● **EXERCISE AIM**
Return all the entries word for word, minus the pictures.
[DATA UNDER STUDY Boundary: Start]
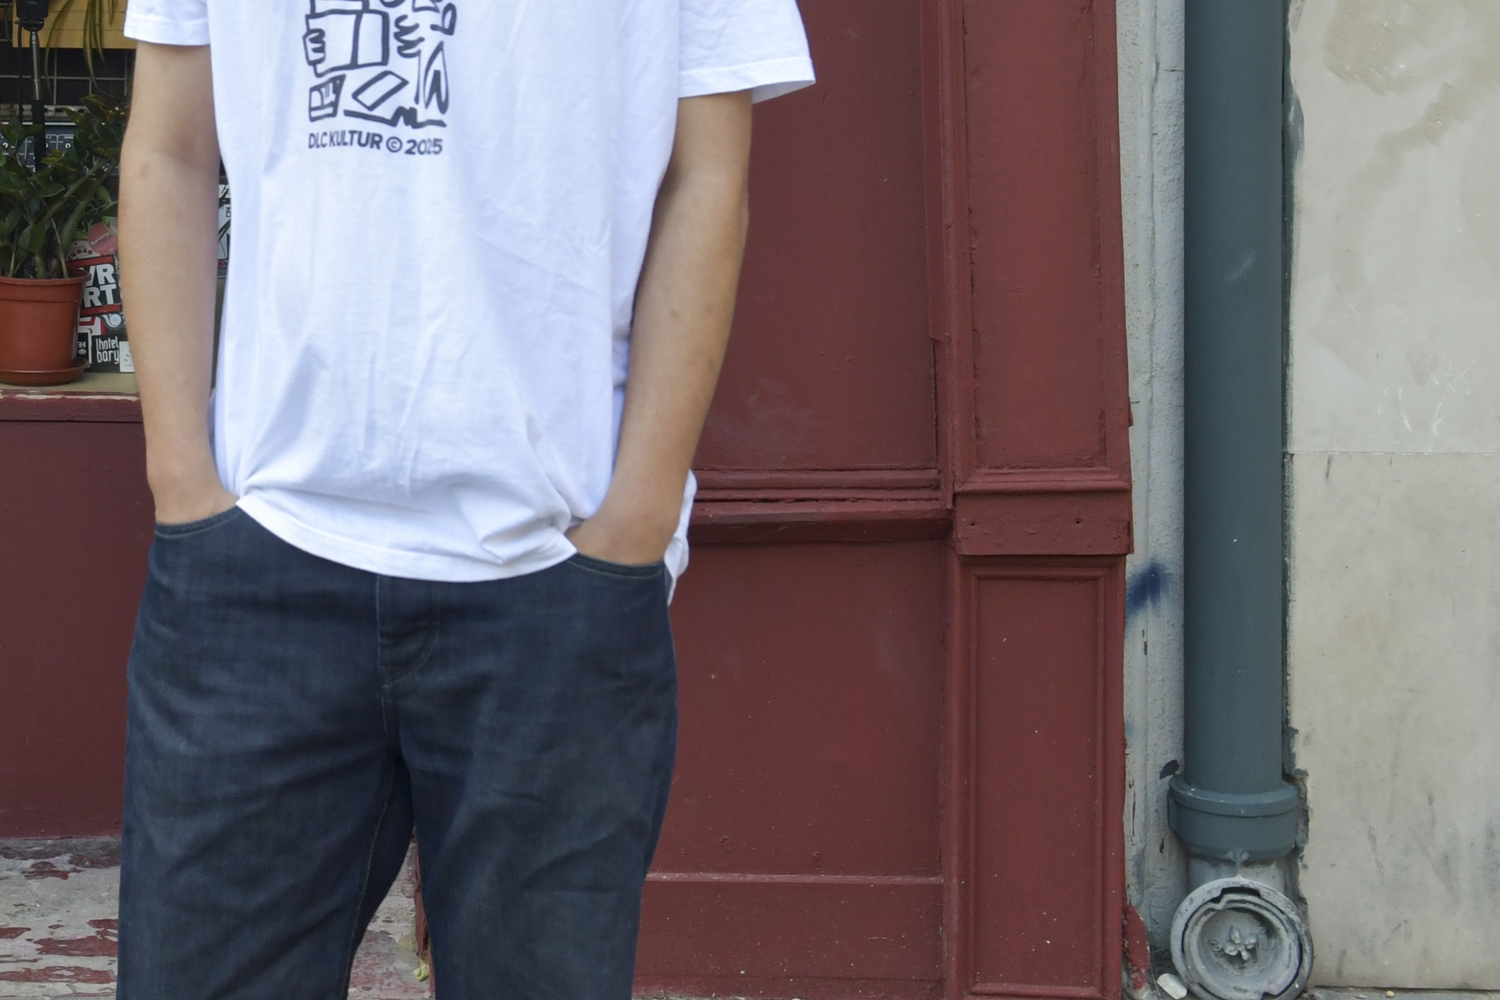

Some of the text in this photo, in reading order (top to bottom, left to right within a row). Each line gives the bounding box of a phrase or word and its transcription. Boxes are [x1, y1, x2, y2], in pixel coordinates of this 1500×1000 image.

[308, 132, 328, 149] DLC
[329, 130, 383, 150] KULTUR
[404, 138, 443, 155] 2025
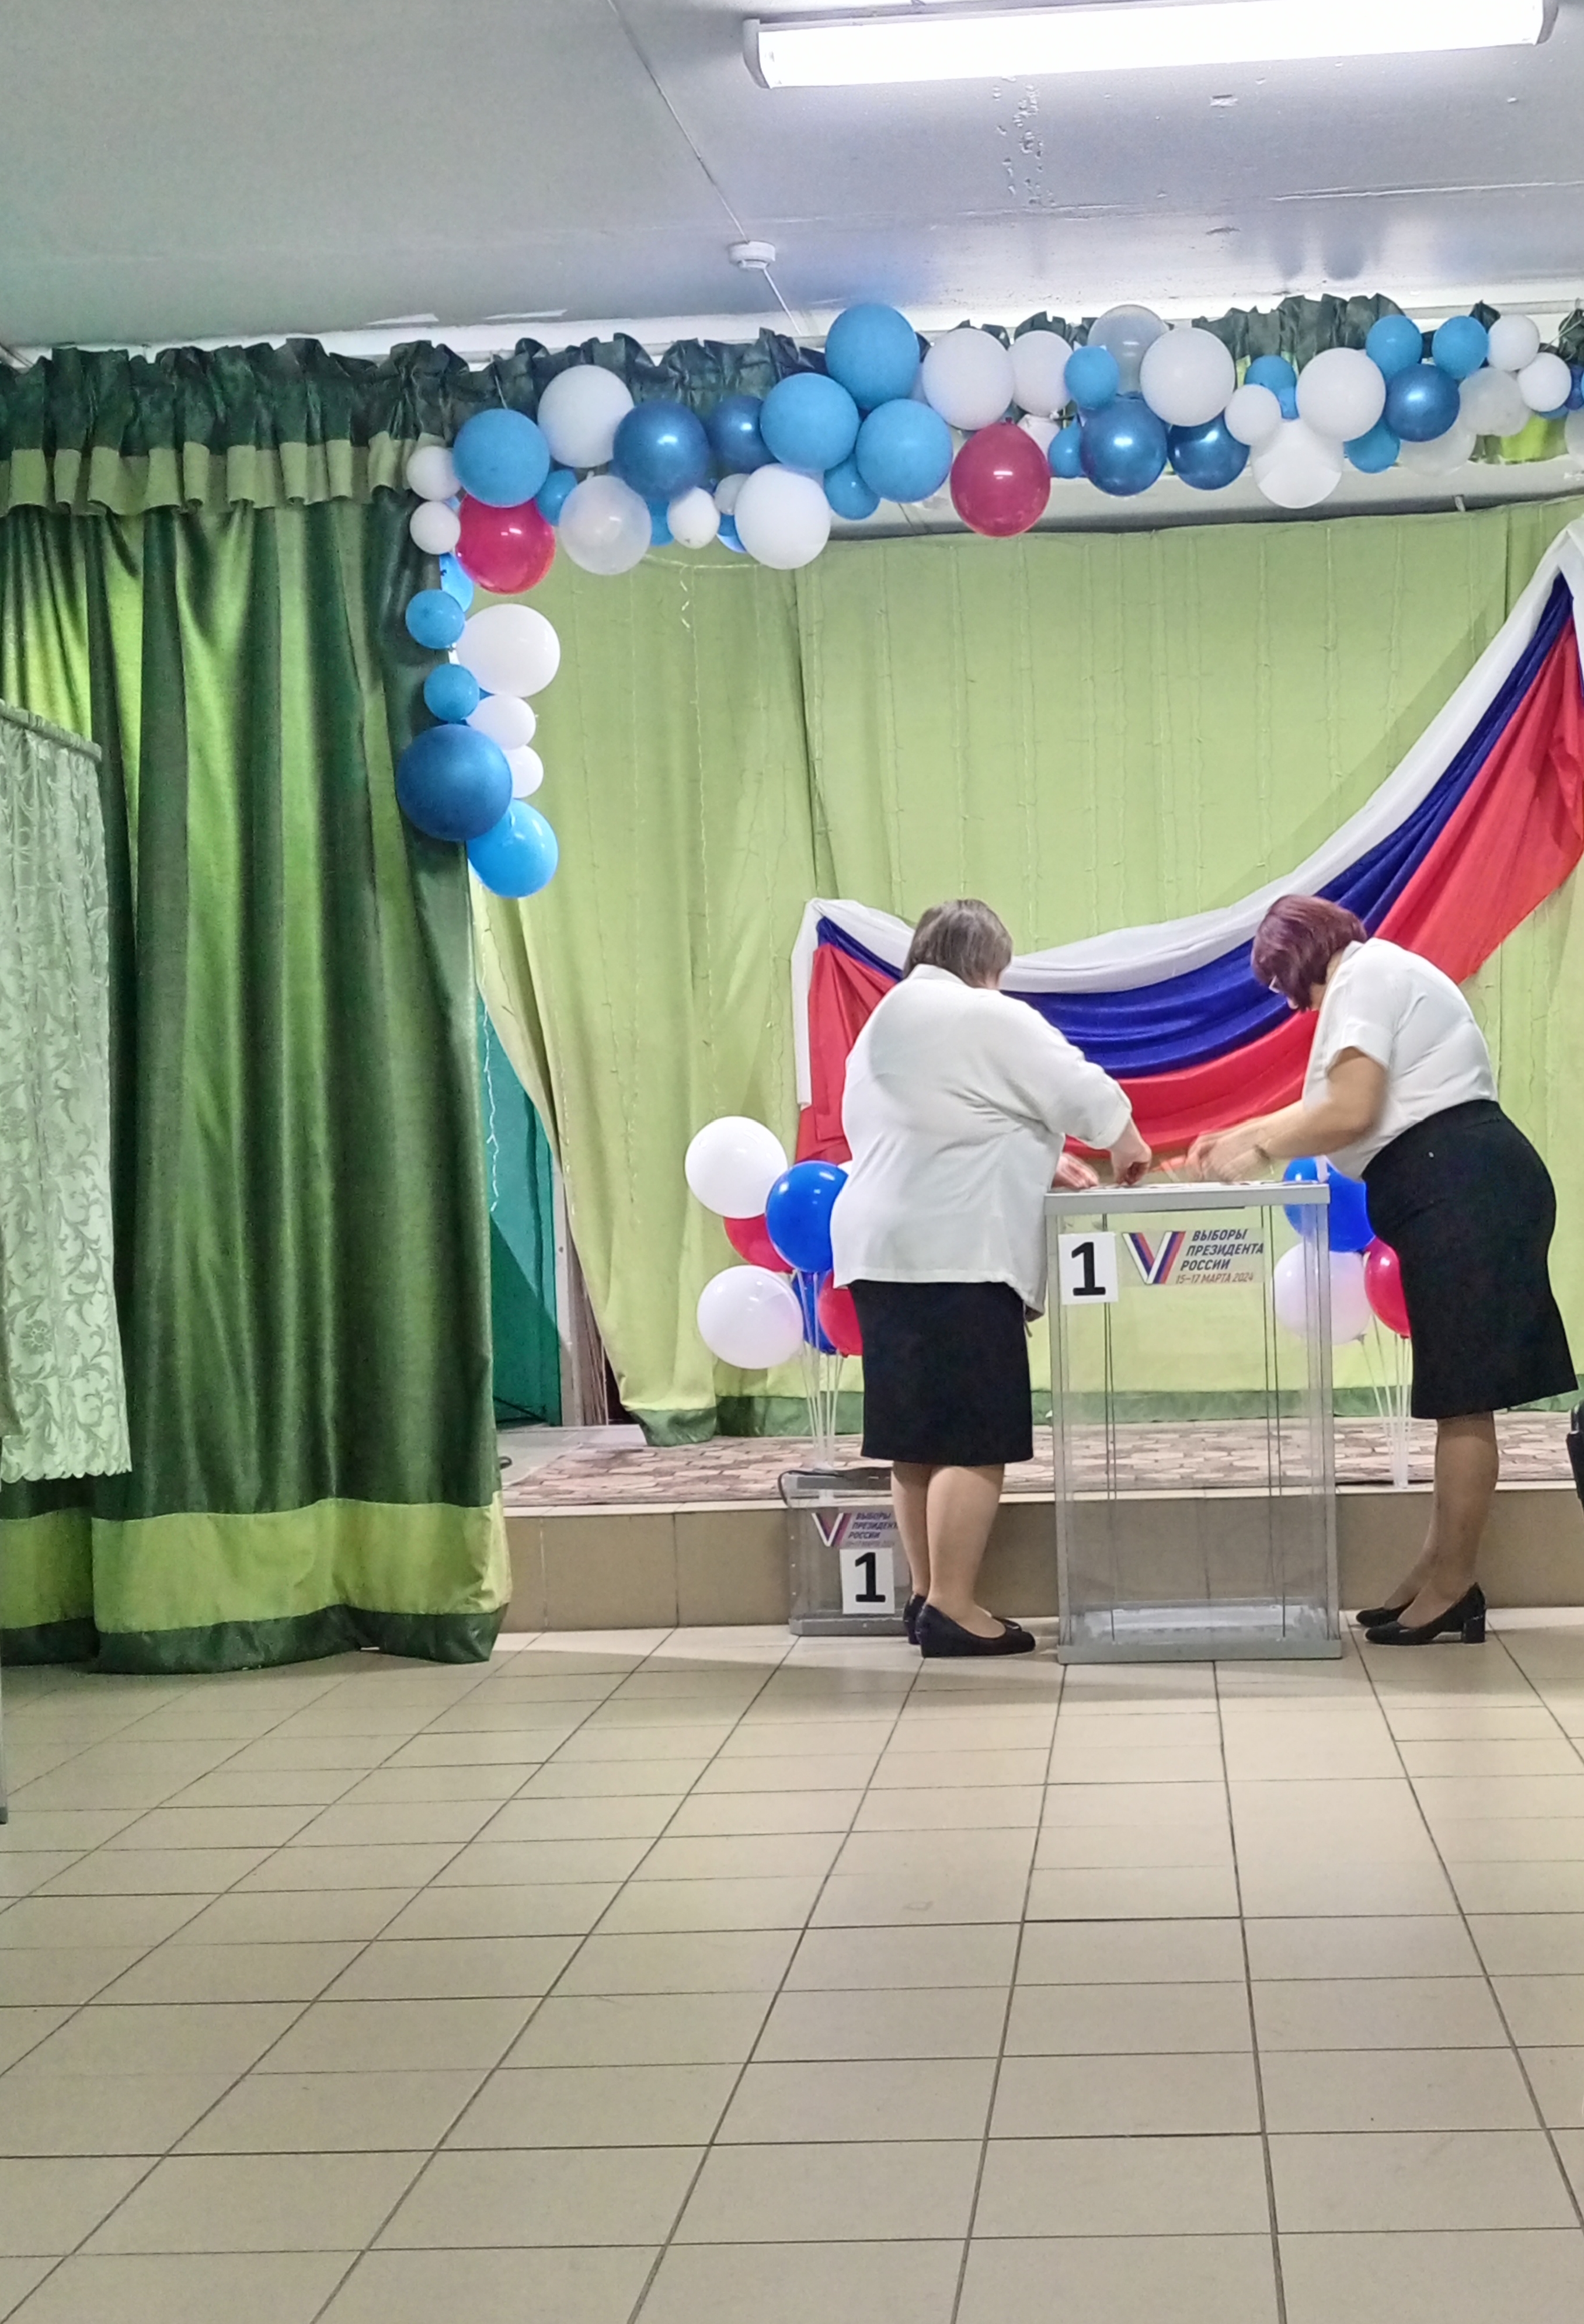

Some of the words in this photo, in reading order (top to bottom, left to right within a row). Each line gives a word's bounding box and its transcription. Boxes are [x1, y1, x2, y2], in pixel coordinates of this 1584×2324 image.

[1192, 1229, 1248, 1241] ВЫБОРЫ
[1186, 1243, 1263, 1257] ПРЕЗИДЕНТА
[1071, 1241, 1106, 1296] 1
[1180, 1259, 1231, 1271] РОССИИ
[1201, 1273, 1231, 1283] МАРТА
[1232, 1272, 1254, 1282] 2024
[855, 1551, 886, 1603] 1
[DATA UNDER STUDY Boundary: End]
● **YOUR RESPONSE**
Some of the text in this photo, in reading order (top to bottom, left to right within a row). Each line gives the bounding box of a phrase or word and its transcription. Boxes are [x1, y1, x2, y2], in pixel coordinates of this 1500×1000 image.

[308, 132, 328, 149] DLC
[329, 130, 383, 150] KULTUR
[404, 138, 443, 155] 2025

Some of the words in this photo, in reading order (top to bottom, left to right within a row). Each line gives a word's bounding box and its transcription. Boxes are [x1, y1, x2, y2], in pixel coordinates of this 1584×2324 image.

[1192, 1229, 1248, 1241] ВЫБОРЫ
[1186, 1243, 1263, 1257] ПРЕЗИДЕНТА
[1071, 1241, 1106, 1296] 1
[1180, 1259, 1231, 1271] РОССИИ
[1201, 1273, 1231, 1283] МАРТА
[1232, 1272, 1254, 1282] 2024
[855, 1551, 886, 1603] 1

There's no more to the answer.